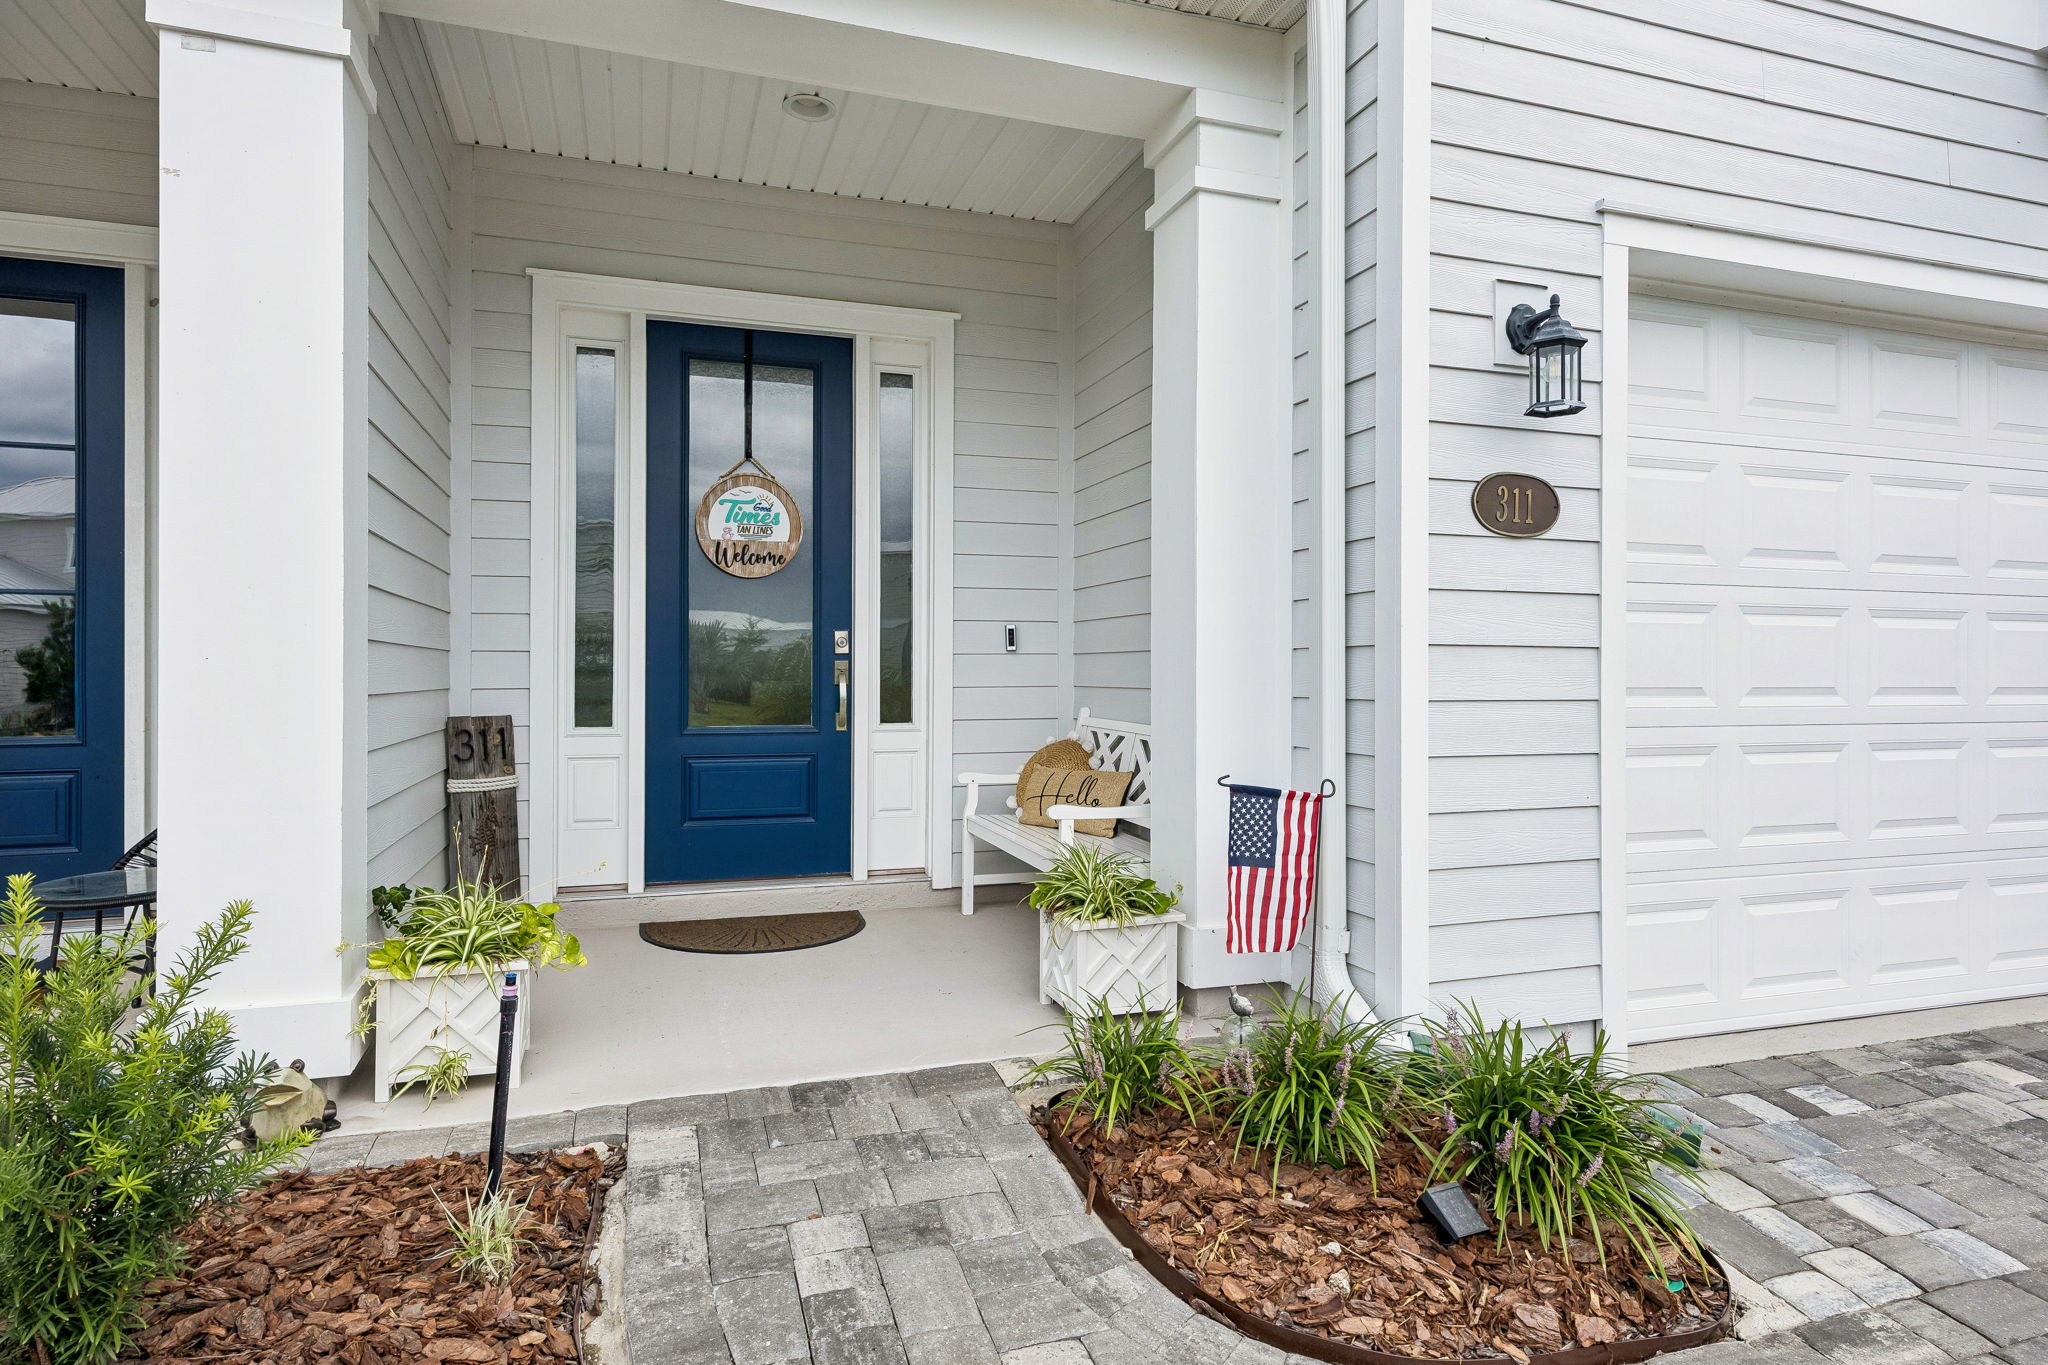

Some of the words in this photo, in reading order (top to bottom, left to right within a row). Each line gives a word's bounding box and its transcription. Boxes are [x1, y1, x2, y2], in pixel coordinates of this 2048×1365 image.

[718, 497, 781, 526] Times
[752, 502, 774, 513] Good
[1496, 485, 1533, 524] 311
[736, 525, 752, 535] TAN
[752, 525, 774, 536] LINES
[714, 541, 787, 568] Welcome
[453, 727, 507, 763] 311
[1026, 770, 1103, 818] Hello

▶ REQUIRED WORK:
Only the pictures are to be dropped; the rest of the material above must be duplicated exactly.

▶ SOLUTION BELOW:
Some of the words in this photo, in reading order (top to bottom, left to right within a row). Each line gives a word's bounding box and its transcription. Boxes are [x1, y1, x2, y2], in pixel coordinates of this 2048×1365 image.

[718, 497, 781, 526] Times
[752, 502, 774, 513] Good
[1496, 485, 1533, 524] 311
[736, 525, 752, 535] TAN
[752, 525, 774, 536] LINES
[714, 541, 787, 568] Welcome
[453, 727, 507, 763] 311
[1026, 770, 1103, 818] Hello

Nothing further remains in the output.